Pánico en el partido Demócrata

Loading

Tras el primer debate entre el presidente de Estados Unidos, Joe Biden, y su contrincante, Donald Trump, el jueves por la noche, no es exagerado decir que la parte del país de tendencia liberal estaba desesperada.

Biden sonó frágil y pronunció frases sin sentido una y otra vez a lo largo de la noche. ¿En qué situación se encuentran los demócratas unos días después del evento?

“Mientras que justo después del debate hubo mucho nerviosismo en el partido, en los últimos días se ha calmado la base demócrata”, dice a DW Cathryn Clüver Ashbrook, experta en política transatlántica germano-estadounidense, de la Fundación Bertelsmann, en Alemania.

“Los posibles candidatos que se barajaron para sustituir a Joe Biden inmediatamente después del debate se han manifestado muy firmemente a favor del presidente”, agrega.

“No le das la espalda [a tu candidato] por una sola actuación. ¿Qué clase de partido hace eso?”, dijo, por ejemplo, el gobernador demócrata de California, Gavin Newsom, que era uno de los que se barajaban, en declaraciones a la cadena estadounidense.

Cambiar a un candidato, especialmente a un presidente en ejercicio, y tan tarde en la carrera, sería muy poco habitual.
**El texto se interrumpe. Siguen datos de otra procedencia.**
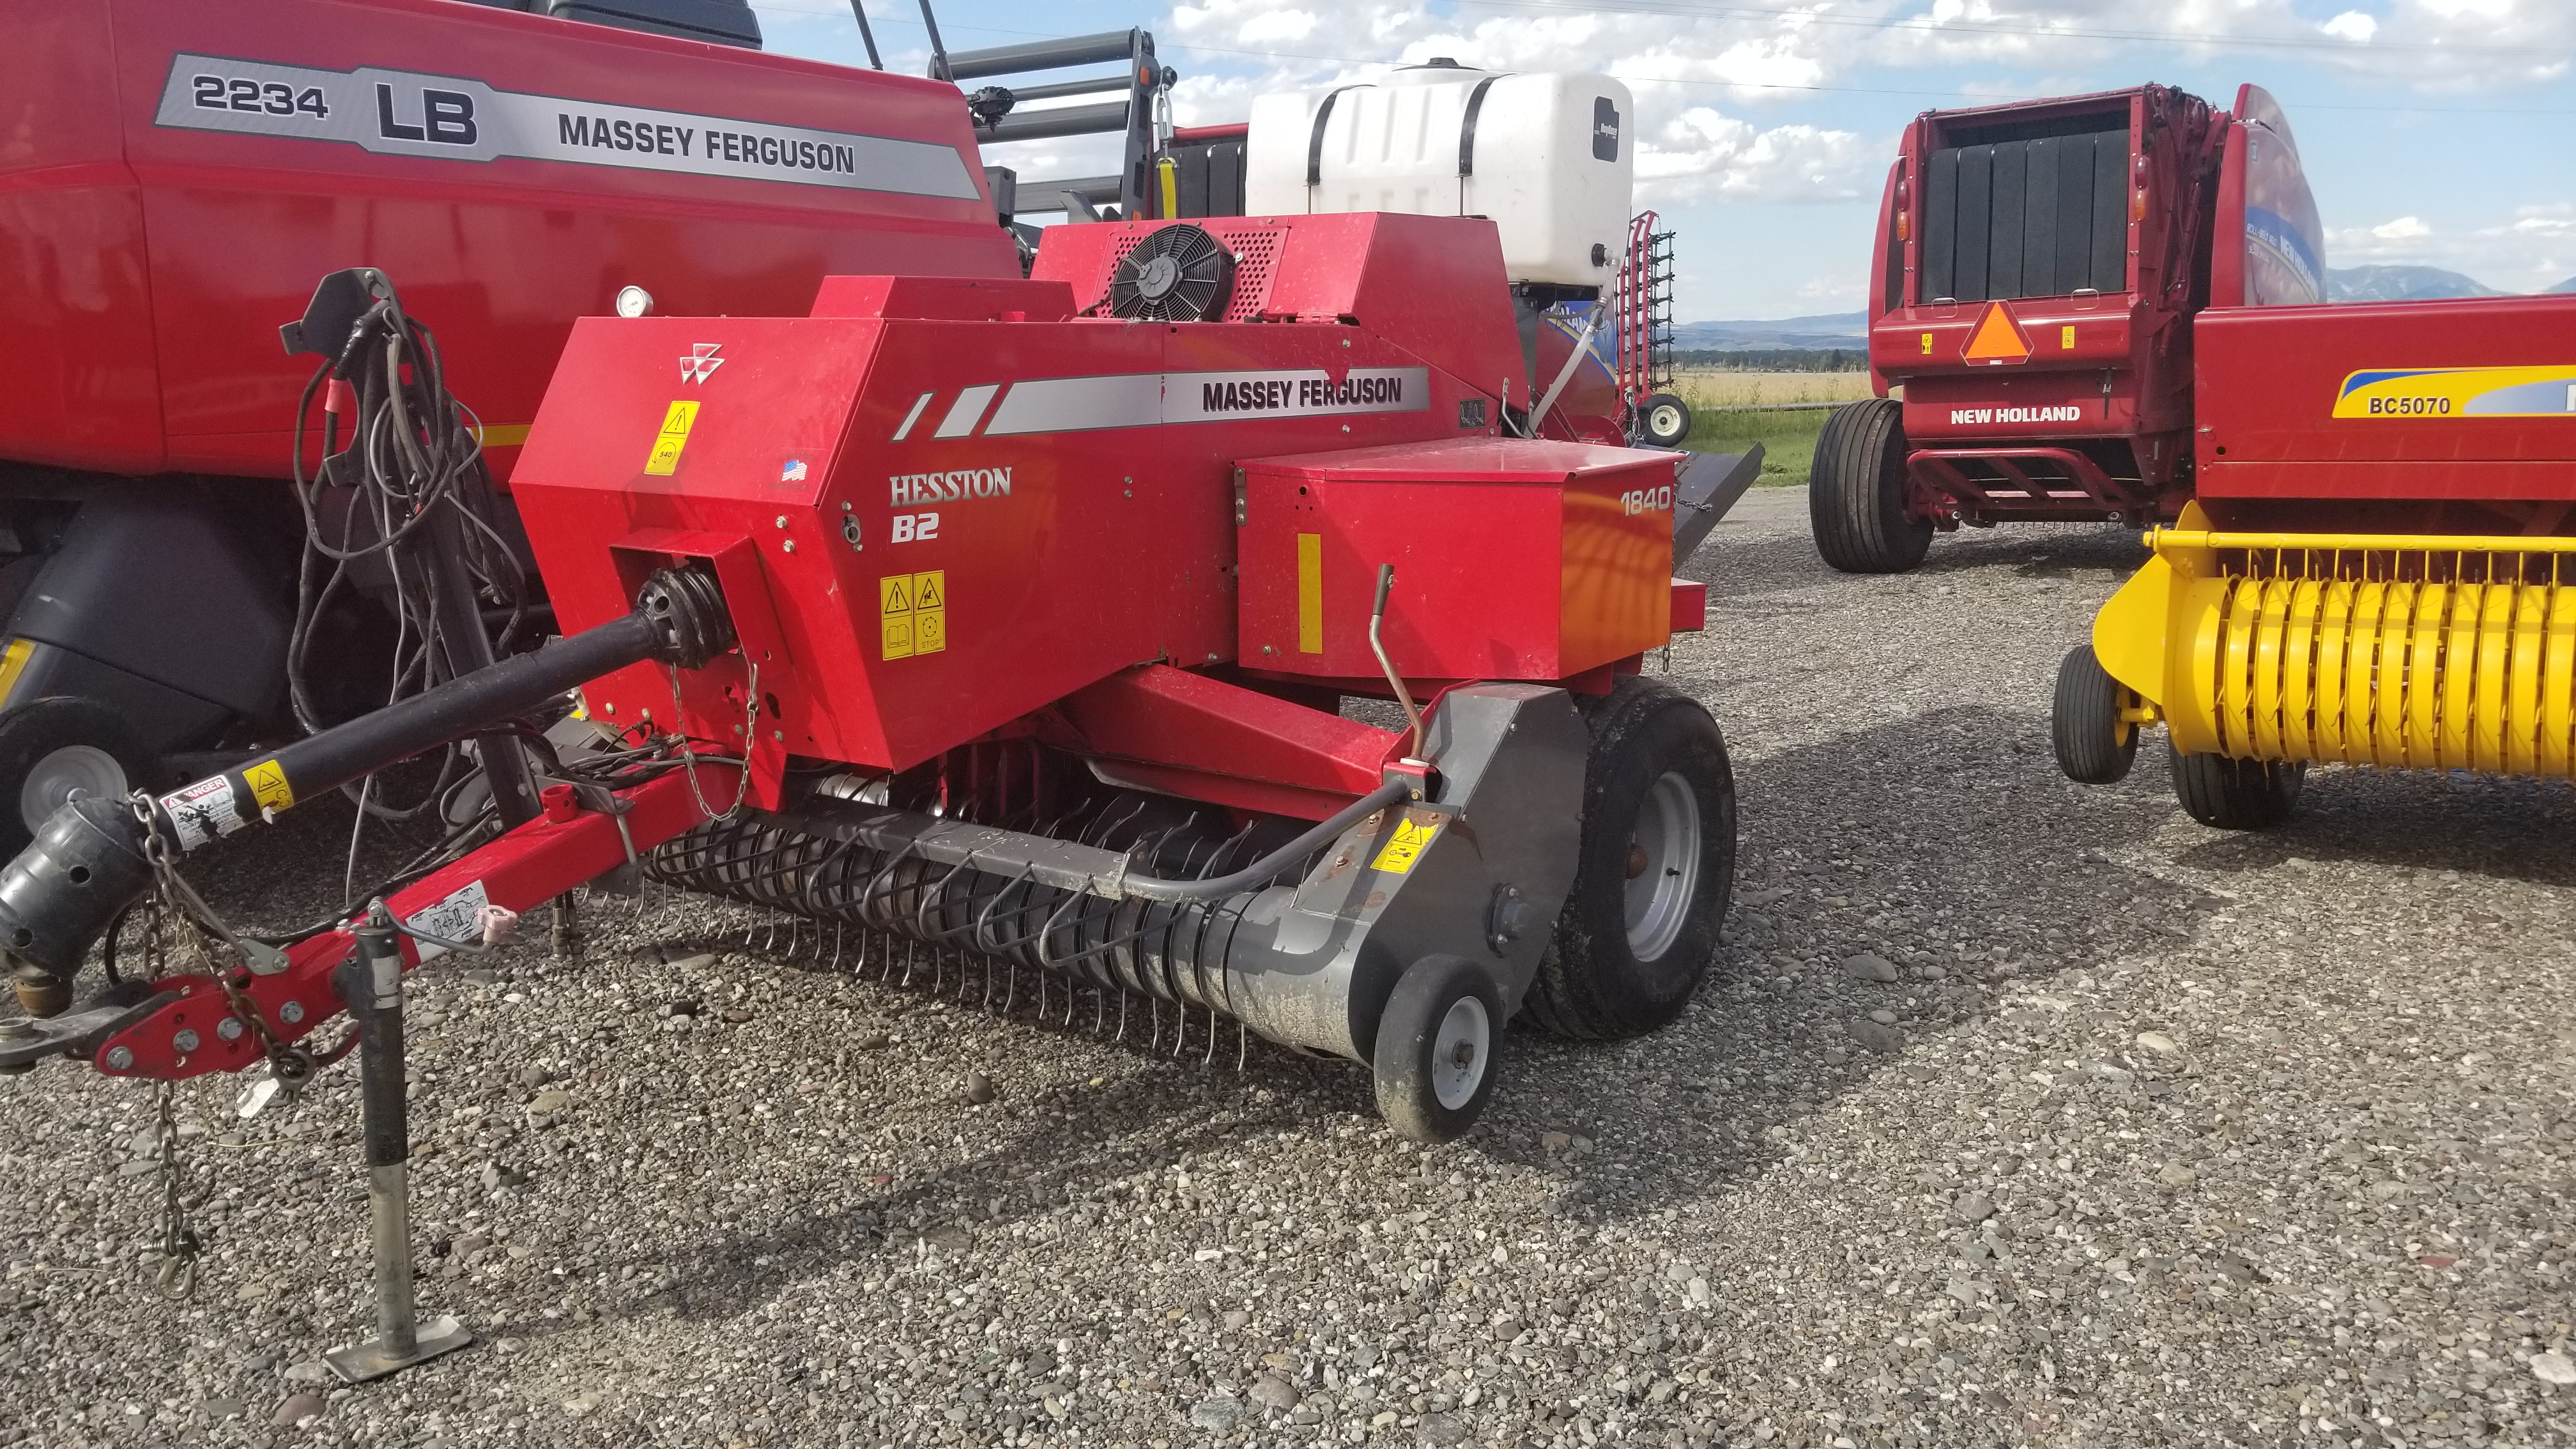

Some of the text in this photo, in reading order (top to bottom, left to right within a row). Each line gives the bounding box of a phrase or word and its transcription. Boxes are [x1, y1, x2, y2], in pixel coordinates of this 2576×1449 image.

[192, 74, 478, 146] 2234 LB
[558, 113, 855, 175] MASSEY FERGUSON
[1202, 378, 1402, 413] MASSEY FERGUSON
[2368, 397, 2450, 415] BC5070
[1951, 406, 2080, 424] NEW HOLLAND
[889, 467, 1012, 508] HESSTON
[1620, 486, 1671, 516] 1840
[891, 512, 939, 543] B2
[921, 639, 939, 648] STOP
[184, 779, 225, 797] ANGER
Pero no es imposible.

“Para sustituir a un candidato en este momento, lo ideal sería que él mismo diera un paso atrás”, comenta a DW Filippo Trevisan, profesor asociado de la Facultad de Comunicación de la American University. “Eso sería lo más sencillo”.

Trevisan también dice, sin embargo, que no ve a Biden, que ha estado en la política nacional toda su vida adulta, dando un paso atrás y renunciando a la oportunidad de ganar un segundo mandato en la Casa Blanca.
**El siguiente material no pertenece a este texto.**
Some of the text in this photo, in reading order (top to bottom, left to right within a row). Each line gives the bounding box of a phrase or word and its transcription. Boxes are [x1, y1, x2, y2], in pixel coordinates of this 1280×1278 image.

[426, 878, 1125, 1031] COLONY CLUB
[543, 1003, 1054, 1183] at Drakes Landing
En las primarias, los partidarios de los demócratas y los republicanos votan a quien quieren que sea su candidato. Quien gana en cada uno de los 50 estados “obtiene” los delegados de ese estado.
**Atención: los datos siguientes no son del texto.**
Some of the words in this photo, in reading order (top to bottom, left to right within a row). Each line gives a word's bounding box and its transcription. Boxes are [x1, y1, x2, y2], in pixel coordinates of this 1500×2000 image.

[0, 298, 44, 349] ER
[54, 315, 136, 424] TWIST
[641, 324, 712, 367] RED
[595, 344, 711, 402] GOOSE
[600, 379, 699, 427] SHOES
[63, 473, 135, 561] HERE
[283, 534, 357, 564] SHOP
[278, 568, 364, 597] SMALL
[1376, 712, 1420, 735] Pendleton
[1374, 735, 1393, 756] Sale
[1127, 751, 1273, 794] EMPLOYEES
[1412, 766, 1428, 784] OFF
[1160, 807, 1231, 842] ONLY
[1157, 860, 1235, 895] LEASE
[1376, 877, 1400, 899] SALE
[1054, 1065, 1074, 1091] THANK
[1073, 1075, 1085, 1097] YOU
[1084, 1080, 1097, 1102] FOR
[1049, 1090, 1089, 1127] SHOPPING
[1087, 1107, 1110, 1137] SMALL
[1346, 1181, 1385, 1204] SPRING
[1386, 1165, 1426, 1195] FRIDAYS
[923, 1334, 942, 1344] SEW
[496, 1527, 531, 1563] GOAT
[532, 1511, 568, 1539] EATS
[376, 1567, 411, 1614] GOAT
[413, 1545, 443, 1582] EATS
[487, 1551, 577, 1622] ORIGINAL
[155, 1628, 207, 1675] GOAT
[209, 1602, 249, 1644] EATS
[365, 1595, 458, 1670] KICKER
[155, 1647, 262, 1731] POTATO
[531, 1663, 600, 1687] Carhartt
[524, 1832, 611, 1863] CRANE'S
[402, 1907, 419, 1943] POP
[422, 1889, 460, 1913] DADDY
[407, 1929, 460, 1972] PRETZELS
En la Convención Nacional Demócrata de agosto, estos delegados votan sobre quién será el candidato presidencial demócrata. La gran mayoría de ellos está comprometida con Biden. No están obligados por ley a votar por él, pero en virtud de cómo funciona el proceso de primarias en EE. UU., es lo que se espera de ellos. Si Biden se retira, “es una batalla campal”, advierte Trevisan. “Podrían votar a quien quisieran”.

Eso es lo que se llama una convención abierta. Los delegados votarían según su conciencia. Los dirigentes del Partido Demócrata elegirían a un candidato que consideren que tiene más posibilidades de ganar las elecciones presidenciales y luego intentarían que los delegados votaran por él (o ella).

La vicepresidenta, Kamala Harris, “tendría derecho preferente”, explicó a DW J. Miles Coleman, analista electoral del Centro de Política de la Universidad de Virginia, justo después del debate.

Pero Trevisan opina que elegir a Harris, en tal caso, podría no ser realmente la mejor jugada. “Su asociación con la presidencia de Biden podría ser negativa”, dice. “Sus cifras de aprobación son similares a las de Biden”.